Cut out the jack-o-lantern's "mouth" and place over the opening of an empty Kleenex box. (There are lots of fall-patterns available. A Boutique box also works).
Pass the pumpkin cards out to your students, then call for the number one pumpkin.
The child holding that card comes up, shows the number to their classmates; everyone says "One", then she "feeds" Jack by dropping the card into his "mouth".
Make a class set of pumpkin "mats" that you can use each year, or run off the worksheet.
My kiddos sit at tables, so I spill a cup of seeds on a paper plate. They each count 10 seeds and put them in their Dixie cup.
When everyone is set, choose a pumpkin number card; show it to your class; they count out that many seeds and place them on their pumpkin mat.
You can see at a glance who is having difficulty. My kiddos LOVE this activity.
Added bonus: pinching & placing pumpkin seeds, is a great fine motor skill that will help strengthen finger muscles.
If you don't have access to pumpkin seeds, simply print, laminate and trim the page of realistic-looking seeds that I've included in the packet.
There are also a nice variety of interesting worksheets as well as "print and go" game sheets, like "I Spy" or "Pumpkins on a Roll" which is played with dice.
Use them for individual and whole group activities, assessing, and math centers; homework, early finishers and help for those who are struggling.
Nice for a substitute, and fun for a harvest celebration or Halloween party day.
I substituted pumpkins for Indians, and included a poster poem "10 Little Pumpkins in a Pumpkin Patch" in the packet.

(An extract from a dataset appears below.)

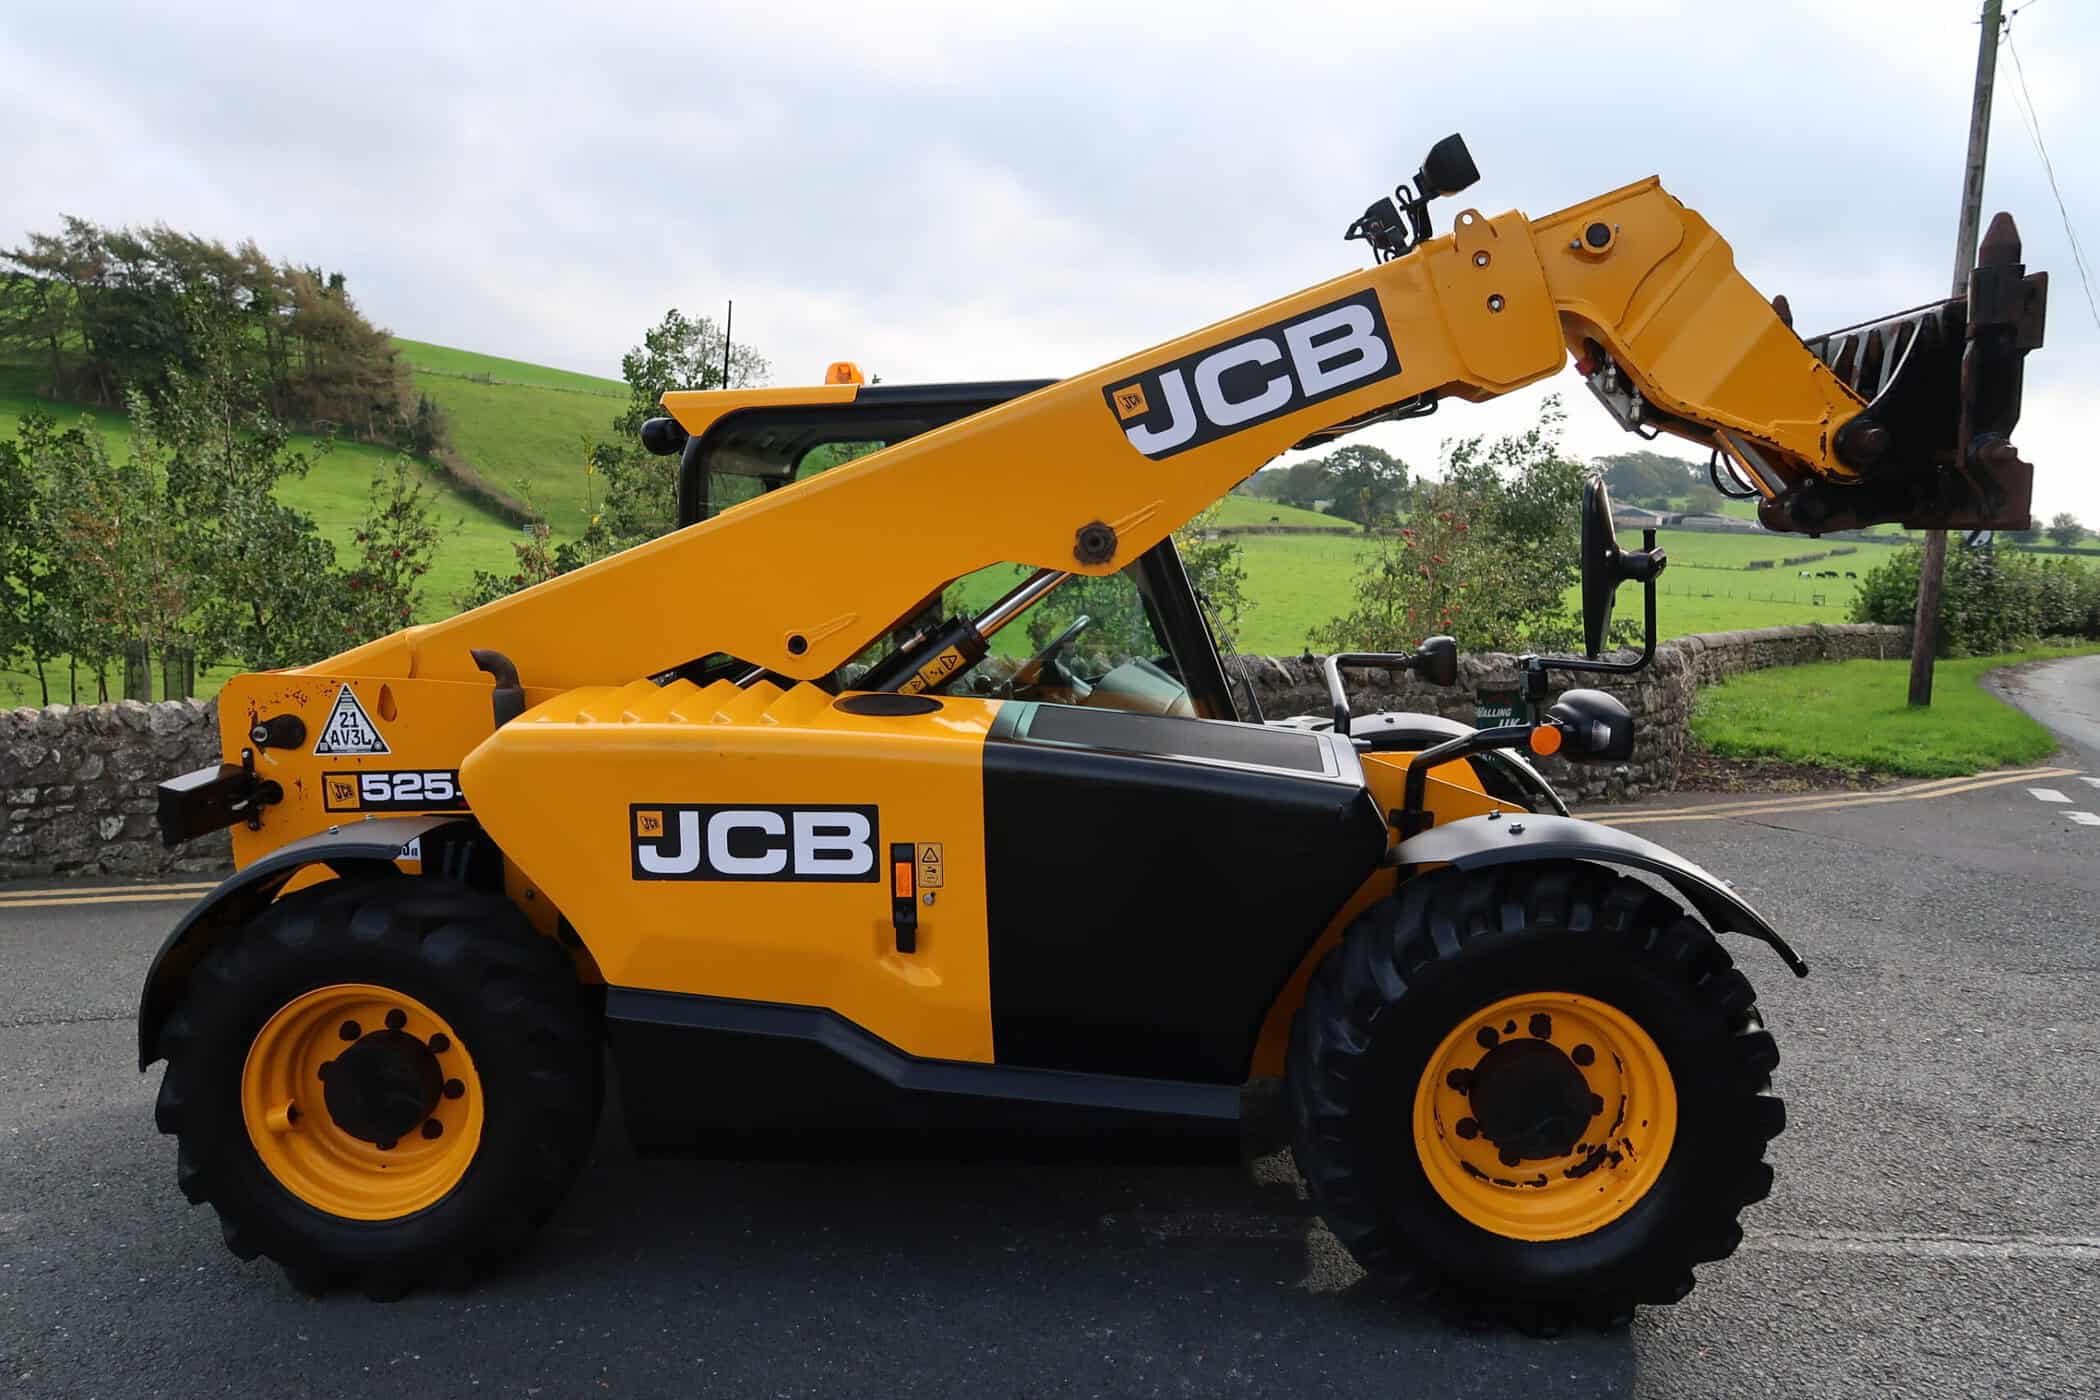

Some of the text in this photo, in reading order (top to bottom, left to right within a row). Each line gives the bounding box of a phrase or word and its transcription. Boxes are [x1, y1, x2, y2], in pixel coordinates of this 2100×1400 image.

[1125, 304, 1388, 455] JCB
[331, 729, 372, 746] AV3L
[339, 711, 359, 728] 21
[638, 810, 874, 875] JCB

I make an extra set of the "puzzle" cards, and instead of cutting them apart, I use the whole strip in my pocket chart.
While the concentration in this packet is on numbers 0-10, there are several activities which also include numbers 11-20, so that you can diversify your lessons and add a challenge.
Well that's it for today. Thanks for stopping by. Time for a nature walk and much-needed break.
The fall colors are beautiful here in Michigan.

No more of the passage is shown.